After years of drafting safe, low-ceiling arms, the Angels have themselves a real, raw project in Keynan Middleton. Will he be worth the wait?
Position: RHP Highest Level: Orem
Bats: R Throws: R Height: 6'2" Weight: 200
Age: 20 Born: 9/12/1993
2013 Rank: Unranked
2013 Season Stats
AZL: 5.2 IP, 0-0, 6.35 ERA, 3 H, 3 BB, 0 HR, 5 SO, 3.02 FIP, .188 BABIP, 56.3 GB%
Orem: 23.1 IP, 1-3, 8.10 ERA, 29 H, 15 BB, 4 HR, 15 SO, 6.33 FIP, .343 BABIP, 46.8 GB%
Fastball = B-
Keynan Middleton’s fastball sits comfortably in the low 90’s with good late movement. It isn’t an overpowering fastball, but his arm shows easy whipping action that suggests with more time, he could sit in the mid-90’s eventually.
Offspeed Pitches = C+
Middleton was drafted with the specific ability to snap off a sharp, hard slider and a change up with good movement. The problem is, Middleon’s breaking pitches are raw. He’s thrown a curveball a few times but without any real success.
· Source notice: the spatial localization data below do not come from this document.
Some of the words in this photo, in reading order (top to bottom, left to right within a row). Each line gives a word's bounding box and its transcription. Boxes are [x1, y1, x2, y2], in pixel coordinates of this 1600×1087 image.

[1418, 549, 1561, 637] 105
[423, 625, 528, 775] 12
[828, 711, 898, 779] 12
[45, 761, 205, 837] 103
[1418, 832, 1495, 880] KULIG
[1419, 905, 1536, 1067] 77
He couldn’t keep his slider in the strike zone and the change up really wasn’t an option. The reason Middleton wasn’t drafted earlier was specifically because he is raw, so he’ll need quite a bit of development.
Control = D
Again, Middleton is raw and this is why he’s such a project. Expecting him to come in day one and throw strikes is unreasonable. But I’m confident that with further refinement, in a year or two Middleton can become a pitcher who pounds the zone with authority.
Command = F
If Middleton has issues keeping the ball in the strike zone, it’s obviously a lot to ask that he spot the ball wherever he wants within the strike zone. Yet another area he’ll be working on.
Mechanics = C
Middleton shows excellent balance and a moderate amount of effort in his delivery. So far he looks like he can go any direction, reliever or starter. He has an inconsistent landing point which can force him to throw across his body. His arm angle also changes between breaking pitches and fastball. Once the Angels iron some of these flaws out he should grade out as a solid B in this department.